You'll recall that Radiohead broke with the music industry a few months ago by offering its latest album for free (or for whatever visitors want to pay) online, directly from its website. Then, today I read in in The Register that the Nine Inch Nails are taking an alternate model: offering physical albums at prices that range from free to $300 depending on the package. They are giving away the first nine cuts, as 320 kbps MP3 files, along with a 40-page PDF book that covers the entire album. For $5, fans can get the remaining 27 songs and have the option of getting the files in lossless formats. More money will get you things like albums signed by the band.

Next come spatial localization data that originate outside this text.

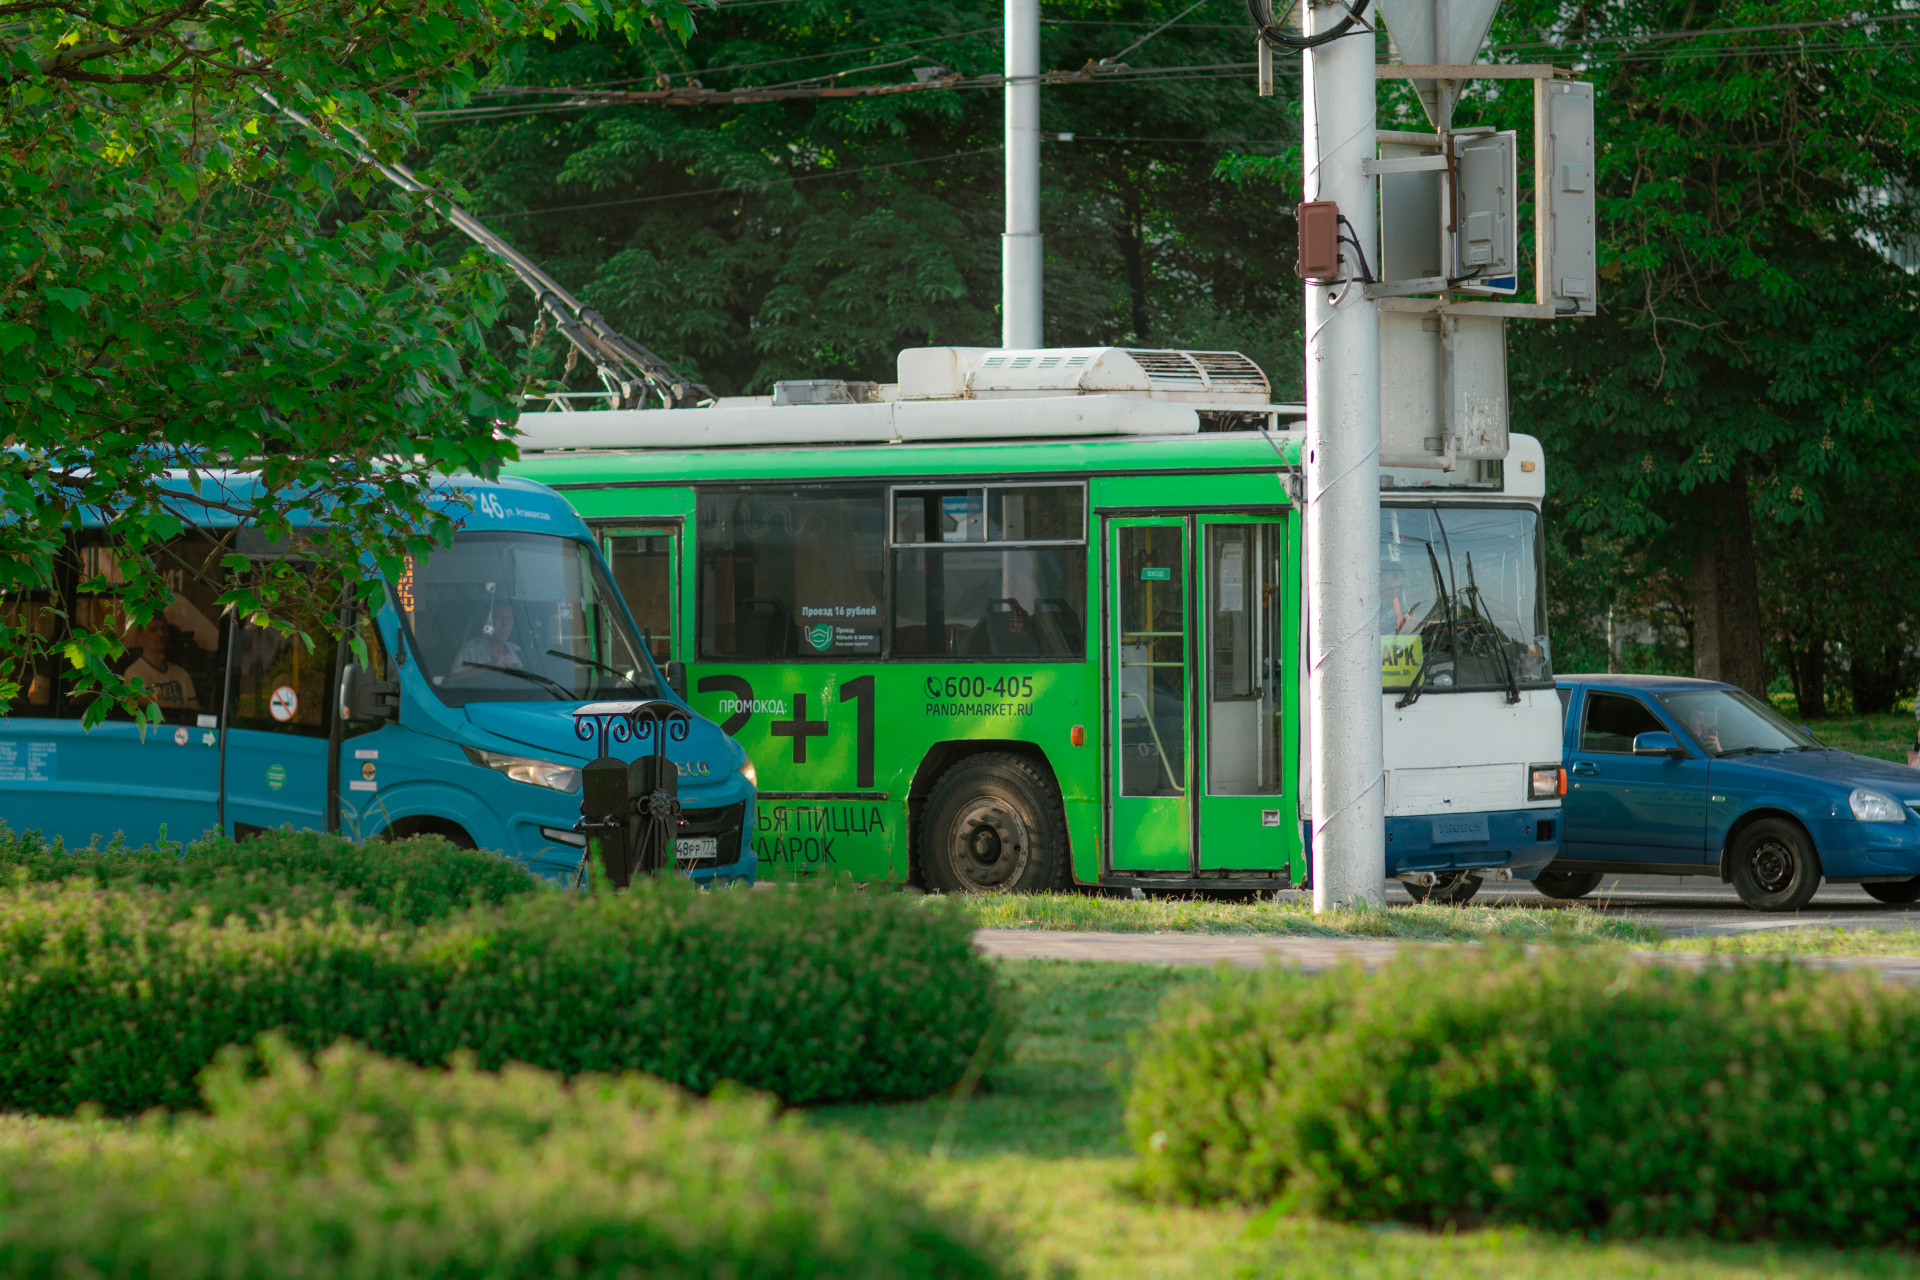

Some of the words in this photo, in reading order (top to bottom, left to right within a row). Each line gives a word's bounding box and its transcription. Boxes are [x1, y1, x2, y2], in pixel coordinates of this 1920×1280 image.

[480, 492, 504, 519] 46
[1147, 570, 1164, 578] ВХОД
[802, 606, 833, 618] Проезд
[835, 606, 845, 616] 16
[846, 605, 877, 618] рублей
[1382, 644, 1420, 666] АРК
[945, 676, 1033, 698] 600-405
[719, 699, 787, 715] ПРОМОКОД:
[926, 703, 1034, 716] PANDAMARKET.RU
[677, 761, 710, 777] ECO
[757, 806, 788, 832] ЬЯ
[797, 806, 885, 836] ПИЦЦА
[758, 837, 837, 866] ДАРОК

Clearly the music industry is experimenting with alternate business models.

So here's the musing I've had for some time -- what about "open sourcing" music? Here's the concept: The artist records the content and distributes it however they want. But then they also issue the raw, unmixed tracks. (fee? free?) They allow anyone else to take the raw "code" and re-mix it however they like. Maybe they'll even be improvements (!) on the original.

There are some interesting semi-precedents to this idea. Back in 2003 the Rolling Stones issued a record of 7 remixes of Sympathy for the Devil (granted it was sold as a pre-remixed, pre-recorded album, with remixes done by a number of well-known DJ's). Then there are those numerous mashups - usually unofficial, un-endorsed re-combinations of two (usually very different) songs... and sometimes the mashup is better than either of the two originals. (My favorite is Nirvana vs. Michael Jackson, called "Smells like Billy Jean")

Anyway, think about this model: artists could complement their original work, and maybe even build an increased following, by "opening-up" their original recording to allow other creative individuals to modify or enhance the original music.

Let's see who the first group to do this will be.